**ACTIVITY**
Wherever the line that contains "this 1250×1667 image." falls, repeat it and the lines after it exactly until the records end, without any pictures.

**RECORDS SHOWN**
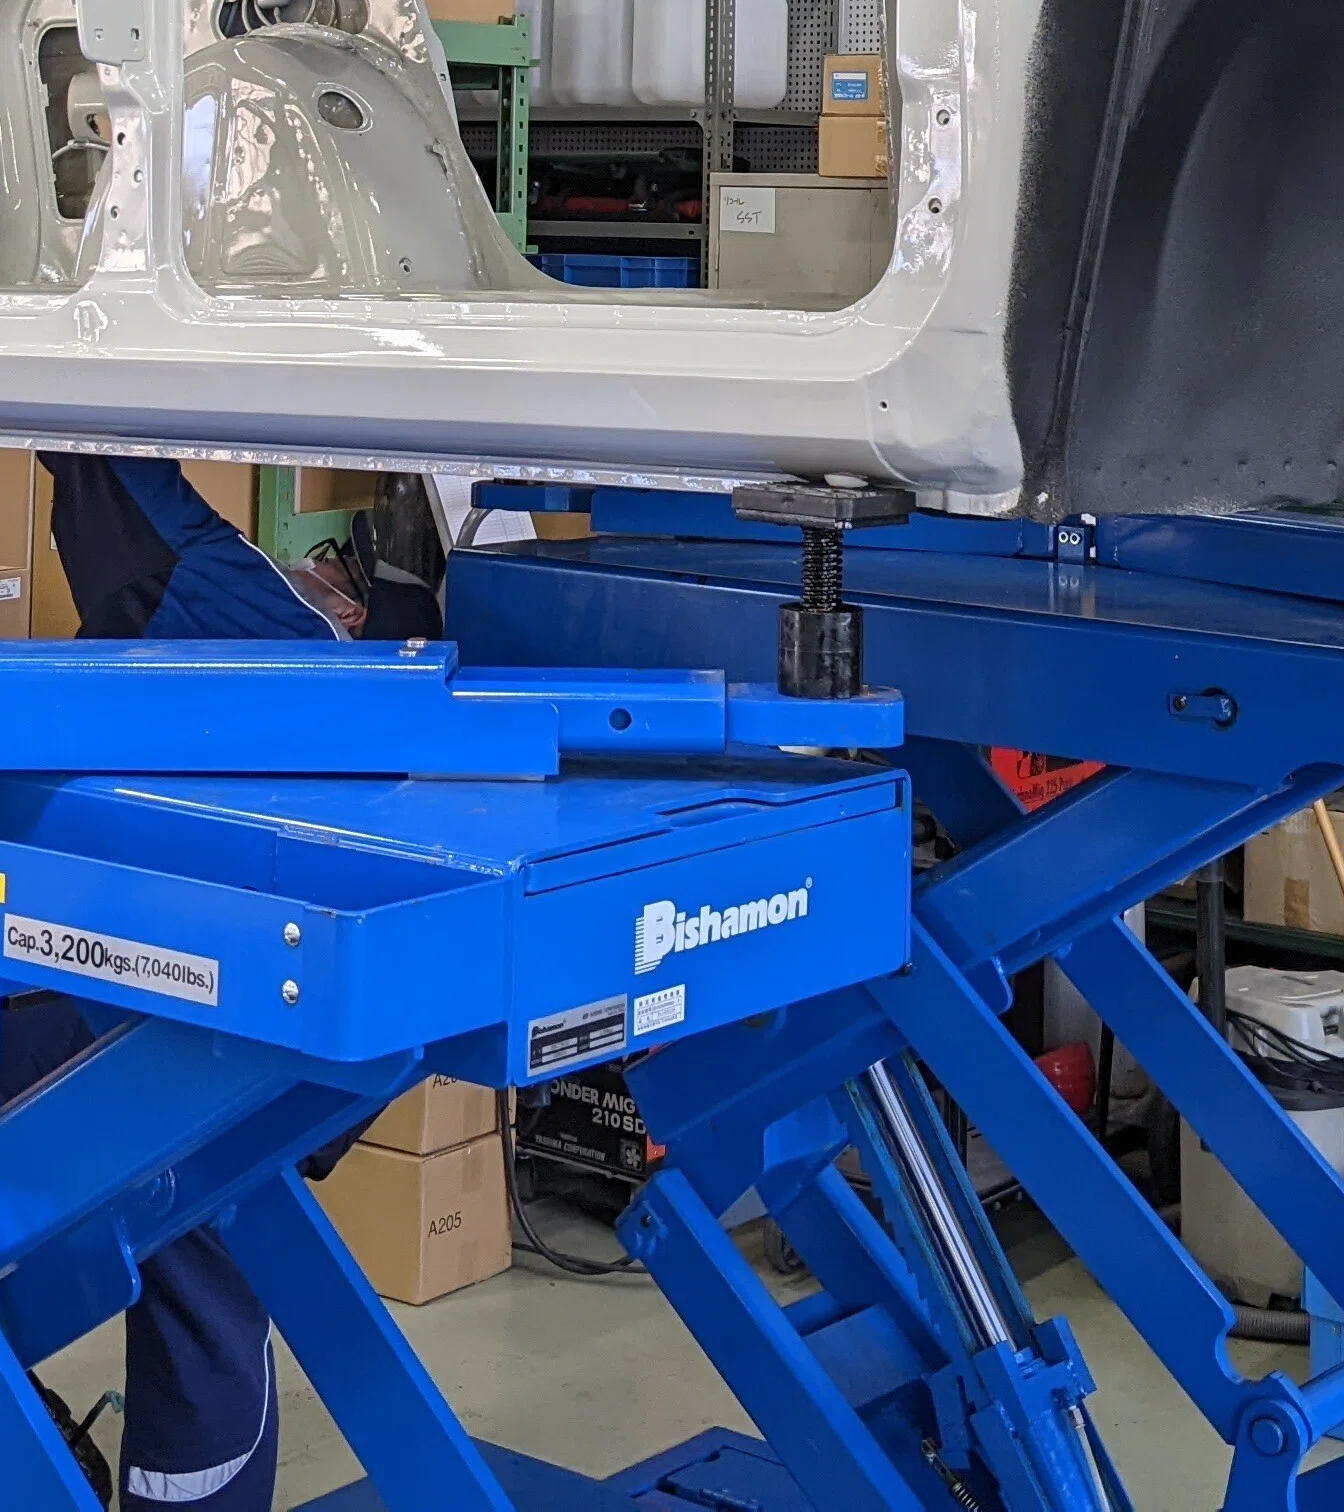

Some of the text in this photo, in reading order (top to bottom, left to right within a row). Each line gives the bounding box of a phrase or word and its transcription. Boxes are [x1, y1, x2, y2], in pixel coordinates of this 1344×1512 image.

[736, 210, 762, 225] SST
[635, 886, 809, 975] Bishamon
[551, 1079, 636, 1114] ONDER MIG
[428, 1210, 462, 1238] A205
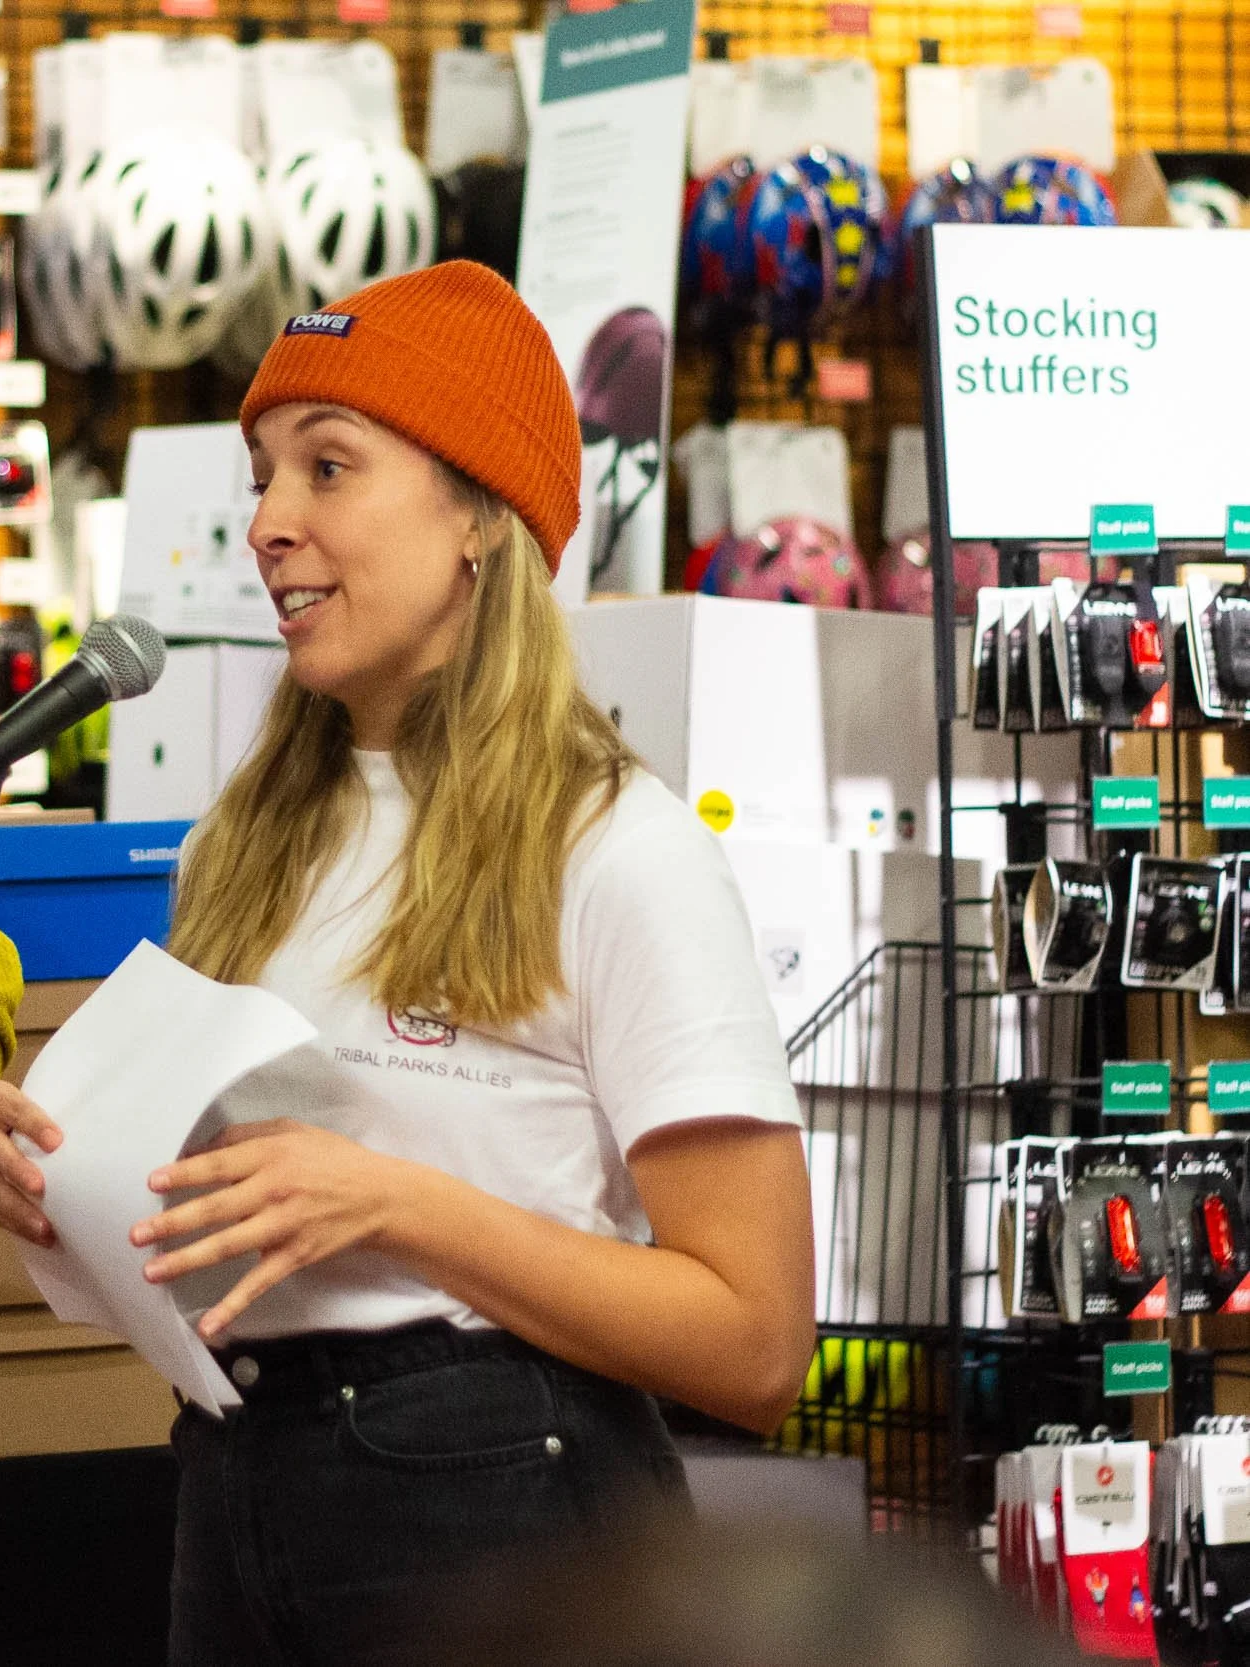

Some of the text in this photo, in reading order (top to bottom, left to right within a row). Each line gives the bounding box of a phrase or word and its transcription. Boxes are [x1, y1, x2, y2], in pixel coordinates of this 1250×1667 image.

[292, 314, 336, 328] POW
[954, 295, 1158, 350] Stocking
[956, 354, 1130, 394] stuffers
[1100, 796, 1124, 809] Staff
[334, 1047, 512, 1090] TRIBAL PARKS ALLIES
[1111, 1082, 1135, 1094] Staff
[1111, 1362, 1136, 1375] Staff
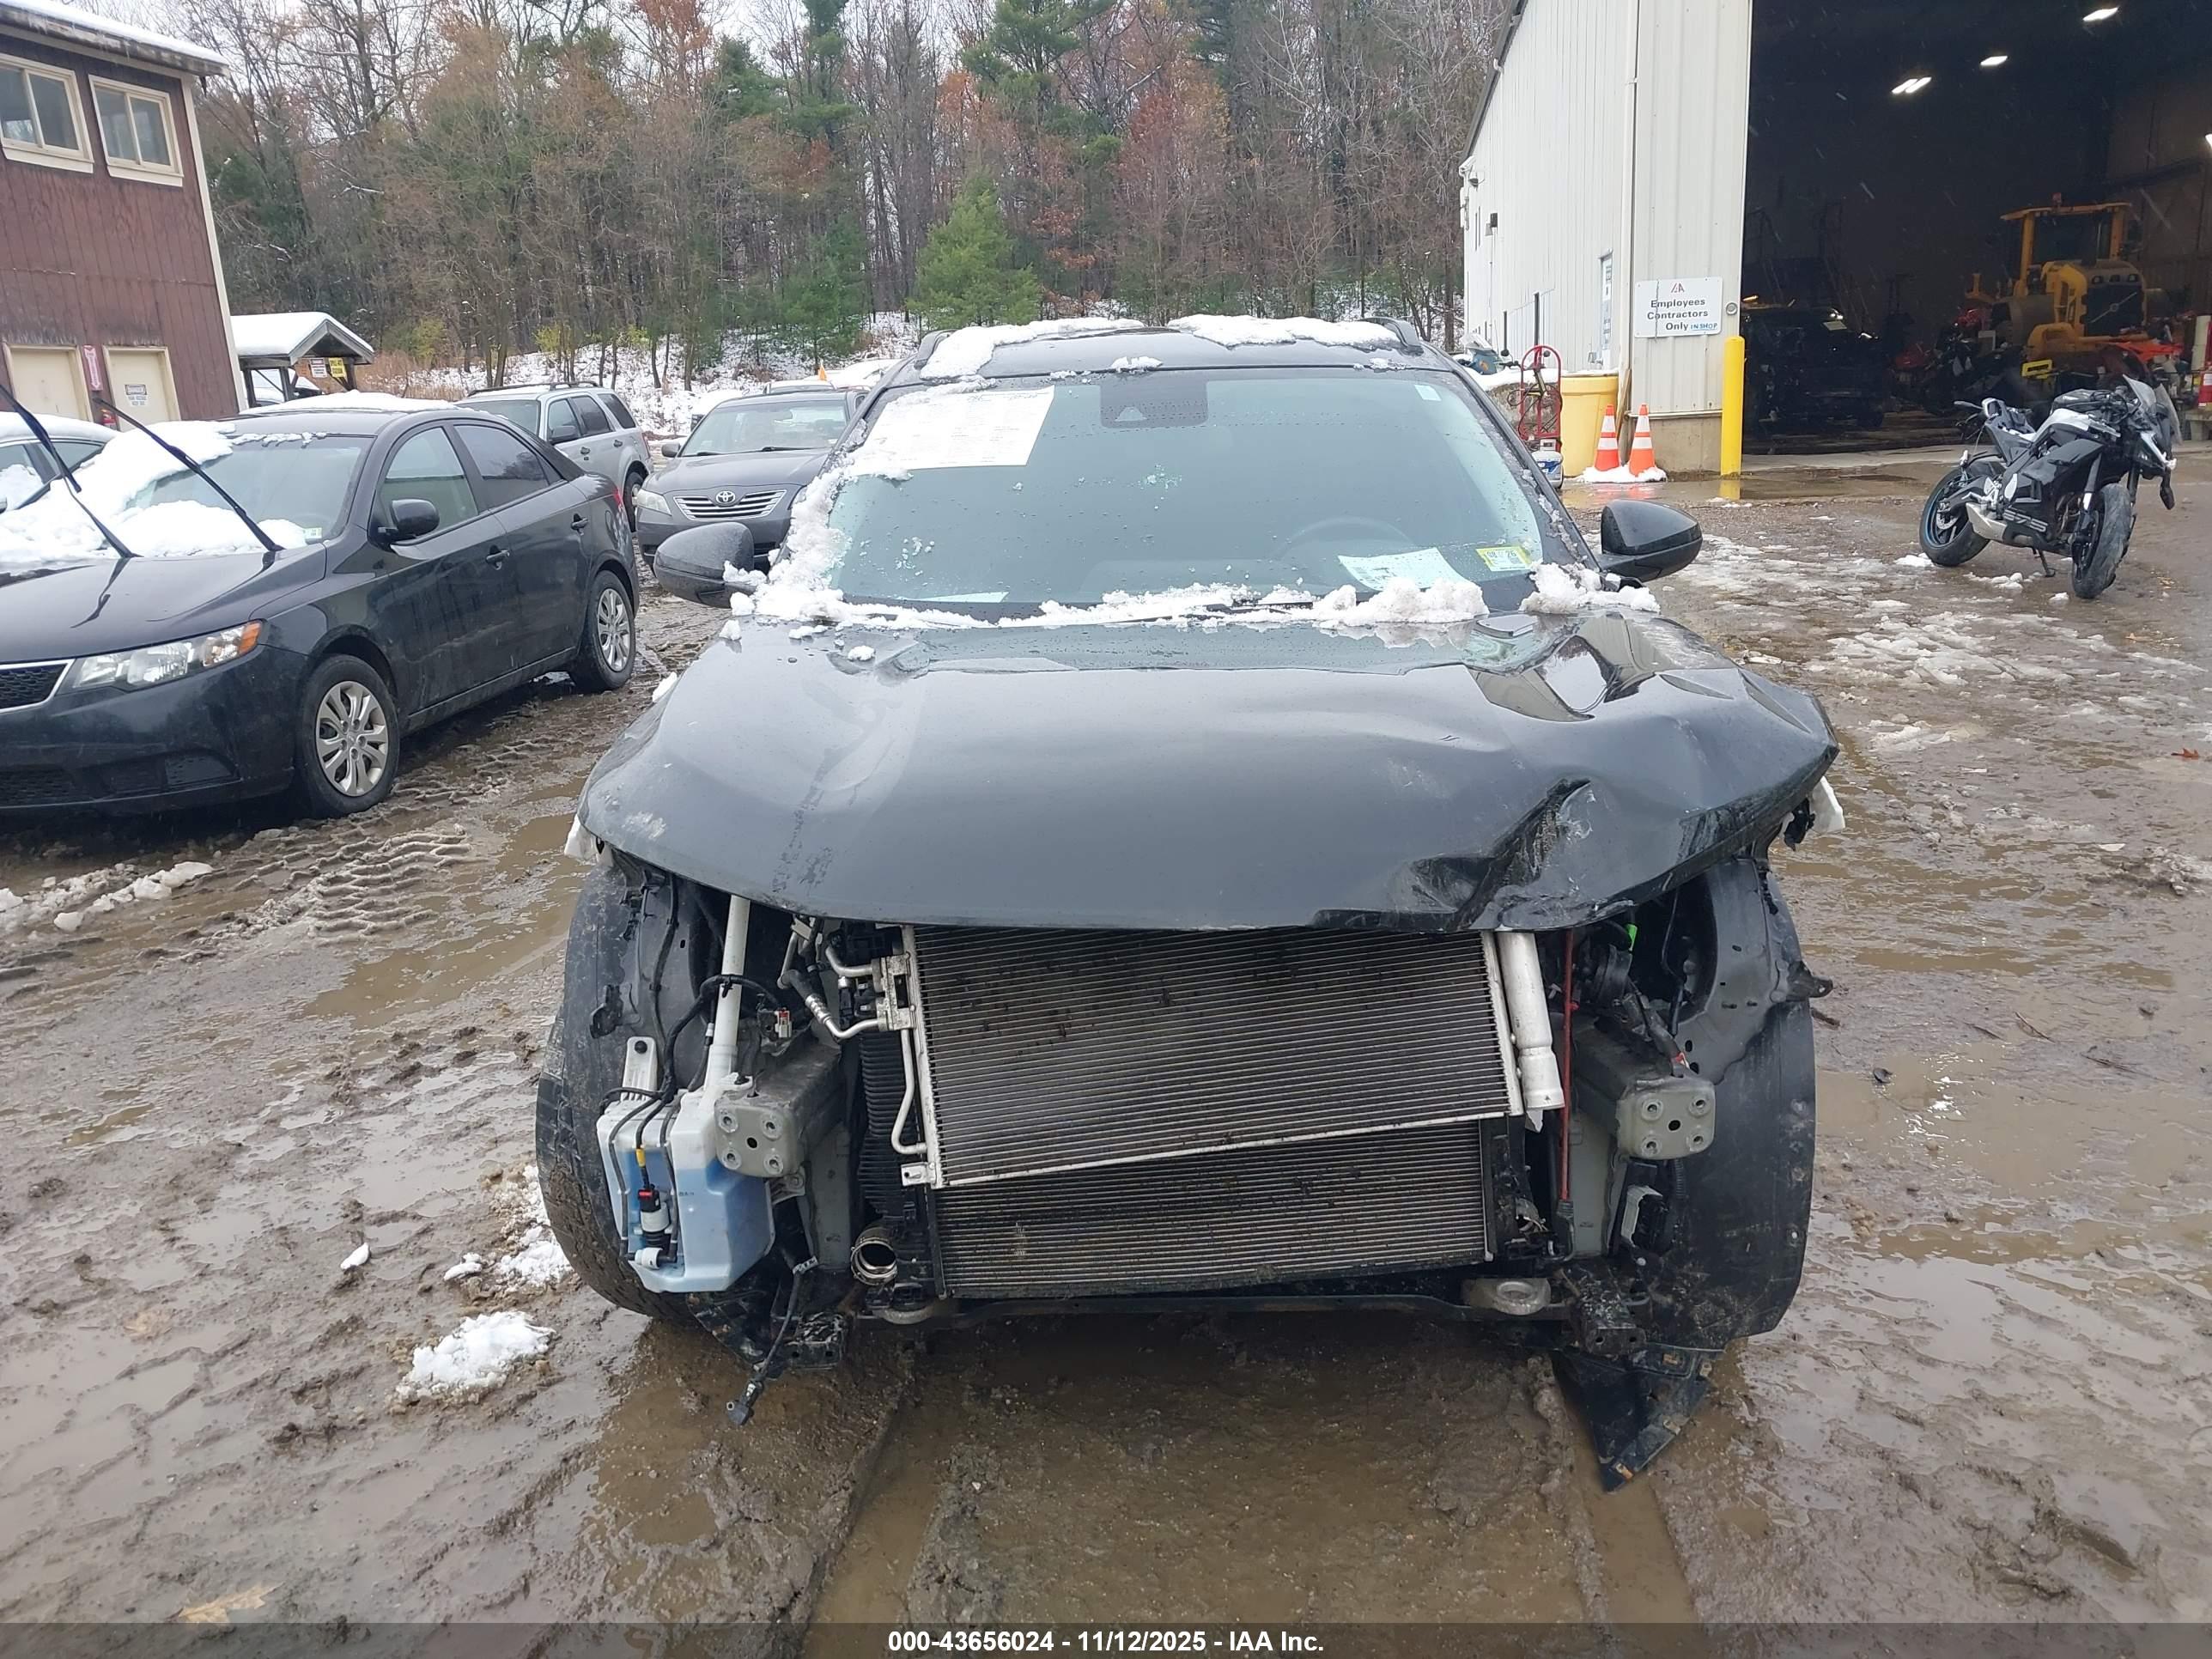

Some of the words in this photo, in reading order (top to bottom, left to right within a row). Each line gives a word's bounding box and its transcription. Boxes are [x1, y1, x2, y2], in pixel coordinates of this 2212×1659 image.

[1650, 299, 1705, 308] Employees
[1647, 310, 1709, 320] Contractors
[1665, 322, 1689, 331] Only

**FINAL ANSWER**
Some of the text in this photo, in reading order (top to bottom, left to right within a row). Each line gives the bounding box of a phrase or word and its transcription. Boxes are [x1, y1, x2, y2], in pixel coordinates of this 1250×1667 image.

[292, 314, 336, 328] POW
[954, 295, 1158, 350] Stocking
[956, 354, 1130, 394] stuffers
[1100, 796, 1124, 809] Staff
[334, 1047, 512, 1090] TRIBAL PARKS ALLIES
[1111, 1082, 1135, 1094] Staff
[1111, 1362, 1136, 1375] Staff

Some of the words in this photo, in reading order (top to bottom, left to right within a row). Each line gives a word's bounding box and its transcription. Boxes are [x1, y1, x2, y2], in pixel coordinates of this 2212×1659 image.

[1650, 299, 1705, 308] Employees
[1647, 310, 1709, 320] Contractors
[1665, 322, 1689, 331] Only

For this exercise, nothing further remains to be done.